The characteristics of Indian rainfall are explored by using observations (IMD, GPCP and APHRODITE) and reanalysis (CFSR, ERA-Interim, JRA-25, and NASA-MERRA) datasets. The spatial distribution of rainfall over India and its validation with observational and reanalysis datasets has been studied. In addition, trends during different seasons (annual/pre-monsoon, summer monsoon, post-monsoon and winter) were also analyzed using the robust regression technique. To help synthesize results, field significance of identifying positive and negative trends is assessed all over the Indian region, which indicates the increasing and decreasing tendency of the Indian rainfall at regional scales. Thus, we have shown the spatial distribution of rainfall trends with 95 % confidence level at each grid point. The spatial trend maps generated in this study could be used to anticipate future changes in water resources availability and, to some extent, agriculture production across the country. The most important results are summarized below.

  1. 1.

    The monthly mean precipitation from IMD data show a maximum value at about 499.7 mm/month over the west coast region, followed by northeast region (473.5 mm/month) during the month of July. The minimum precipitation is observed in the month of February in the west coast region at about ~5 mm/month. The year-to-year variability of mean annual rainfall over India shows high inter-annual variability is evident during the period of 1901–2007.

  2. 2.

    The spatial patterns of mean annual and summer monsoon precipitation is similar for IMD and GPCP datasets but APHRODITE data shows more deviation. These differences may be attributed partially to the different resolutions of the observations.

  3. 3.

    Among the reanalysis datasets, ERA-Interim shows realistic values to that observed by IMD followed by CFSR, MERRA and JRA-25 reanalysis. JRA-25 data heavily underestimates during the pre-monsoon season. These differences are found only in spatial distribution, but monthly mean values show reasonably good agreement. Moreover, very high correlations are observed between IMD and reanalysis datasets (see Fig. 7).

  4. 4.

    The strong annual cycle over the Indian sub-continent is reasonably well captured by the IMD and model datasets. However, CFSR shows little drier, and JRA-25 and ERA-Interim shows little wetter than IMD precipitation. The correlation between IMD, observational and reanalysis datasets reveal that JRA-25 shows highest correlation and less correlation with CFSR reanalysis.

  5. 5.

    The spatial trends were computed over India for the four seasons at each grid (1° × 1°) point using robust regression technique. The trend analysis was carried out at above 95 % significance level using non-parametric Mann–Kendall test. The significance analysis helps to locate the regions where the rainfall is either increasing or decreasing.

  6. 6.

    The annual and seasonal trends were derived at each grid from the IMD precipitation during the period from 1901 to 2007. The maximum positive trend is noticed over northeast part of India in all seasons, whereas a decreasing trend is observed in the western Himalayas and north central east, and southern parts of India. In addition, the moderate positive trends are observed over the west coast and interior peninsula during the monsoon, and post-monsoon seasons.

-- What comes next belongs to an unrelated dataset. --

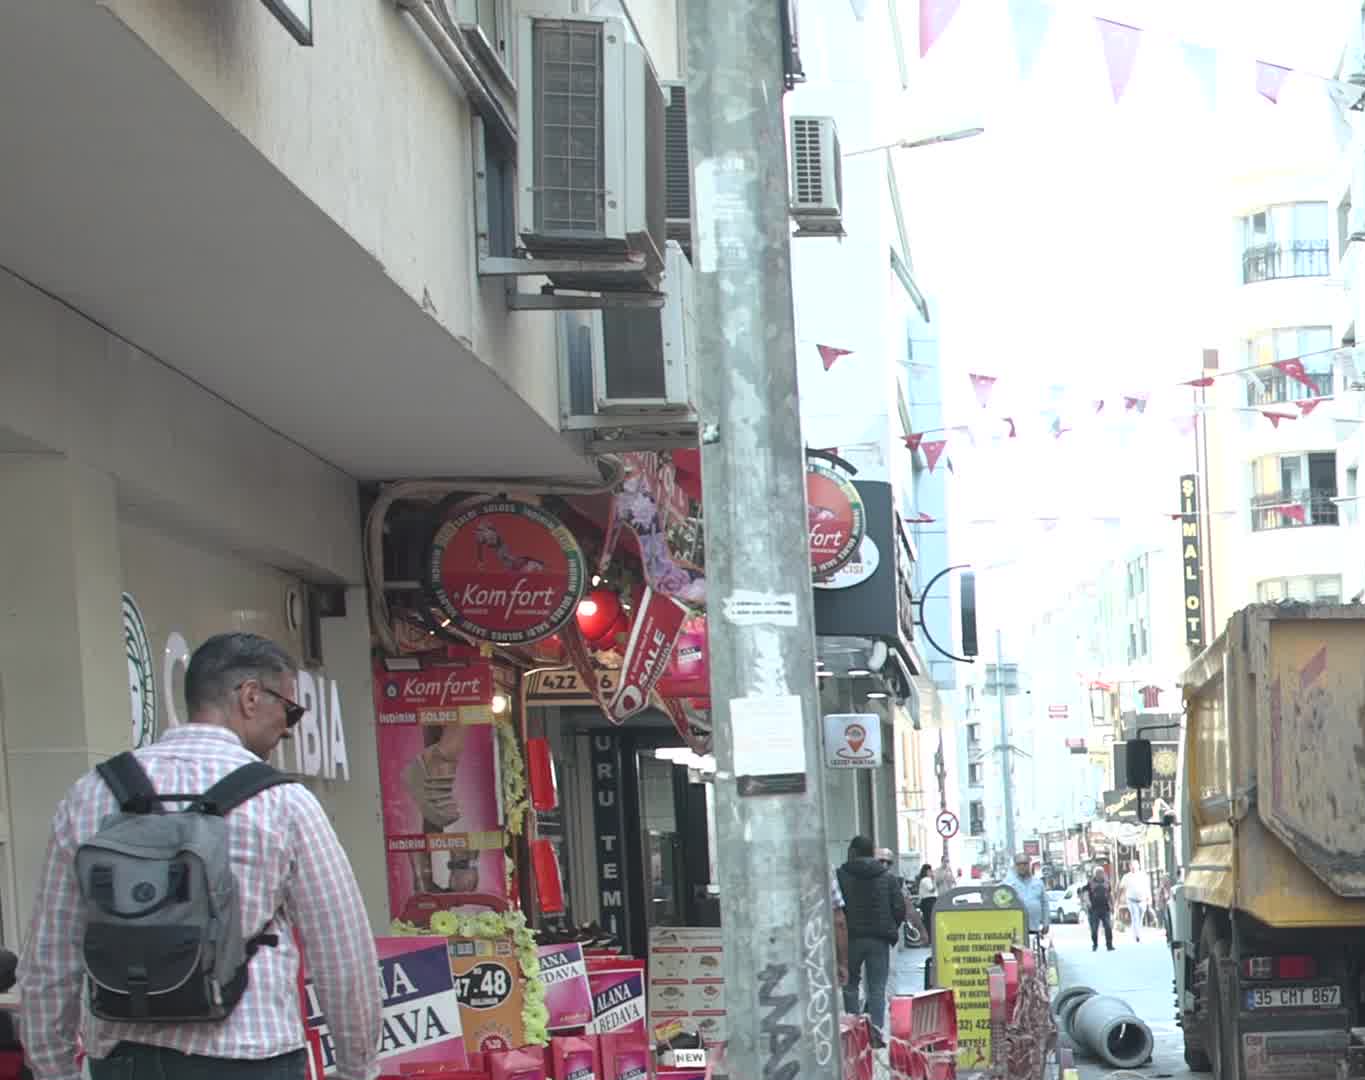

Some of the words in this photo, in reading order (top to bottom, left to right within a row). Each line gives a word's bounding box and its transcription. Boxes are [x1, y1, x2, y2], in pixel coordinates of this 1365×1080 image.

The good agreement between IMD and the other observational datasets suggests that IMD measurements can be used to describe the spatial and temporal variability of precipitation. This study results in the characterization of the Indian rainfall with observational and reanalysis datasets. The result presented in this study provides useful insights for the climate modeling community to establish appropriate benchmarks for performing model evaluation.